Je plonge aussi dans un bon roman! (rires) Puisque j’ai une chronique littéraire à Salut Bonjour, je lis de deux à trois livres par semaine. Ce ne sont pas tous des coups de cœur, mais en général, je suis plutôt contente de mes découvertes. Chaque fois que j’entre dans une librairie, je me sens comme une enfant dans un magasin de bonbons. D’ailleurs, j’ai toujours un ou deux livres sur moi.

Pourquoi donc?

Si mon autobus a du retard, si je me pointe trop tôt à un rendez-vous, si je dois attendre chez le médecin, je sors un livre pour passer le temps. Parfois, lorsque je suis rendue à la fin d’un livre, je vais en traîner un deuxième avec moi, de peur de me retrouver les mains vides. Là où la majorité des gens sortent leur cellulaire pour passer le temps, moi, je lis.

Depuis quelques années, la mode est au true crime. Comment expliques-tu l’intérêt des Québécois pour le crime?

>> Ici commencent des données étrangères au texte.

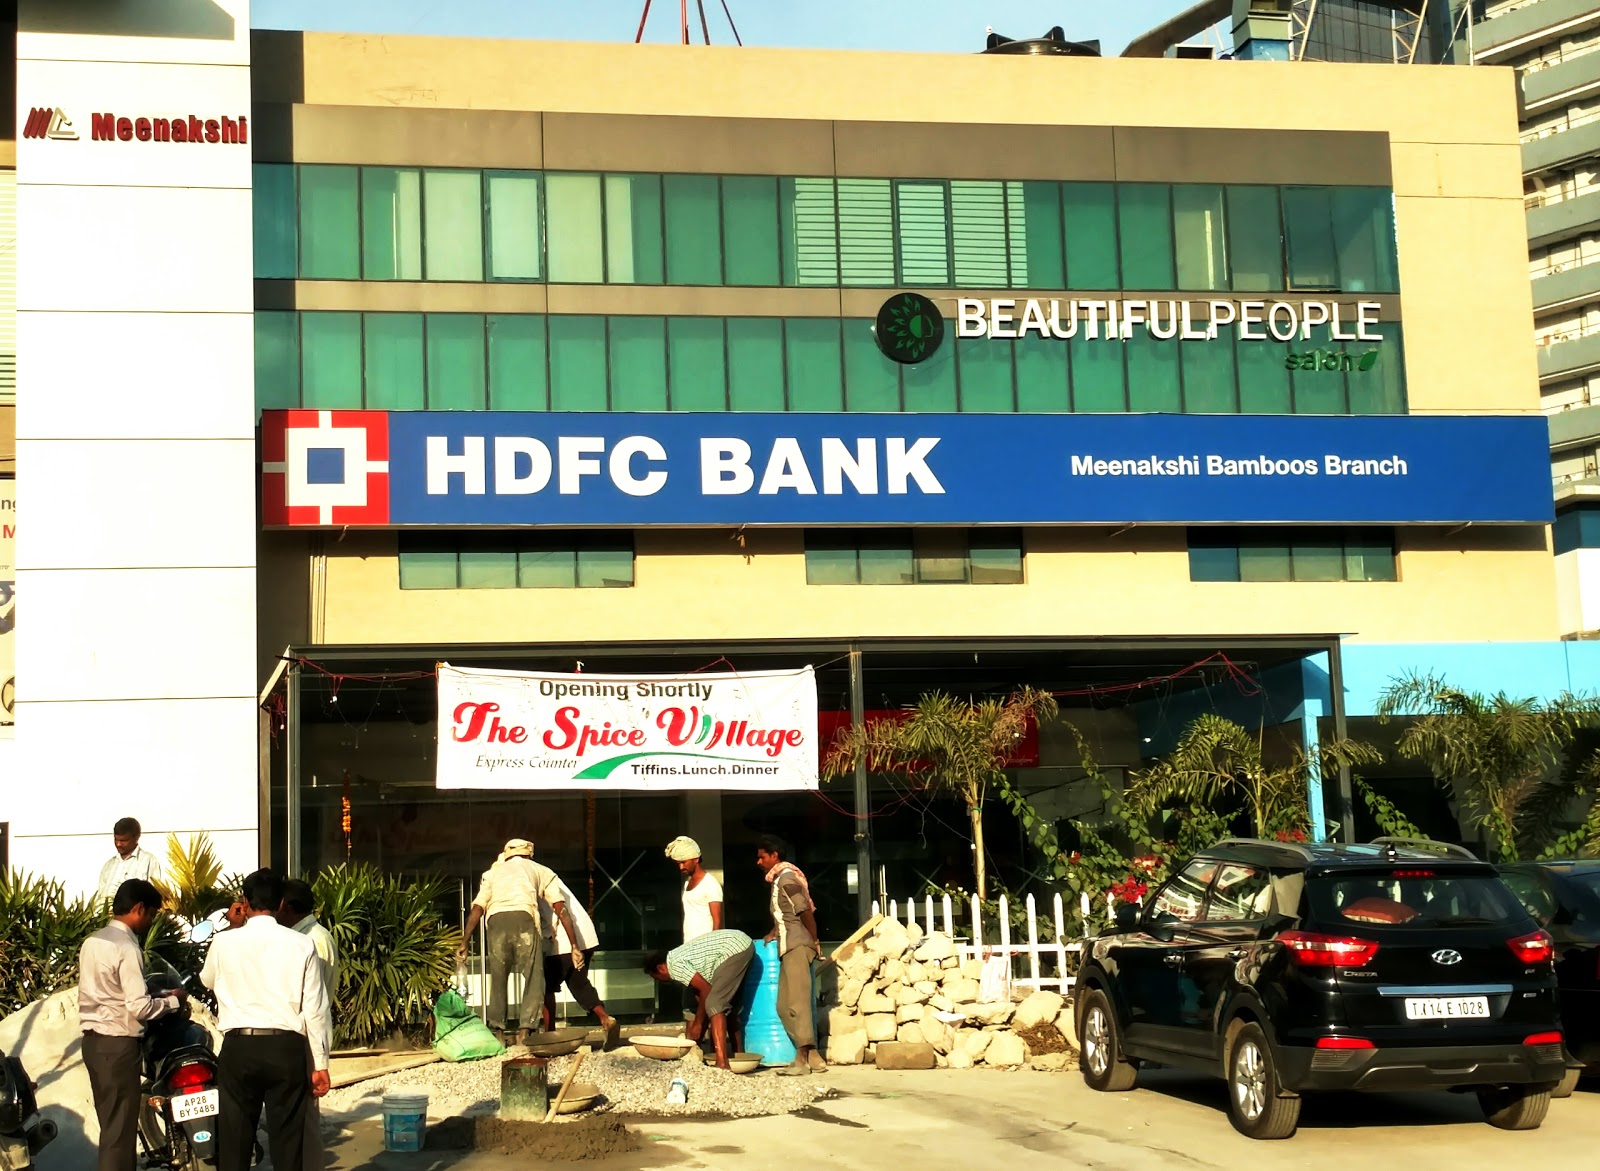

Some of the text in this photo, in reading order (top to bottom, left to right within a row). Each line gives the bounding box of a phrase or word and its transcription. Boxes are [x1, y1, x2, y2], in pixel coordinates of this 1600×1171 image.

[91, 113, 248, 145] Meenakshi
[1285, 349, 1352, 371] salon
[425, 435, 947, 497] HDFC BANK
[1070, 455, 1408, 476] Meenakshi Bamboos Branch
[539, 680, 713, 702] Opening Shortly
[453, 701, 804, 757] The Spice Village
[476, 754, 580, 773] Express Counter
[179, 1103, 216, 1119] BY 5489
[184, 1095, 207, 1108] AP28

L’envie d’avoir peur fait partie de notre ADN, parce que ça nous procure une poussée d’adrénaline. La preuve: chaque fois qu’on présente des livres à des enfants, par exemple un conte de fées, il y a toujours un jeune qui me demande: «Où est le monstre?», «Qui est le méchant?» Le livre nous permet de vivre des émotions intenses, dans la chaleur et la sécurité de notre foyer.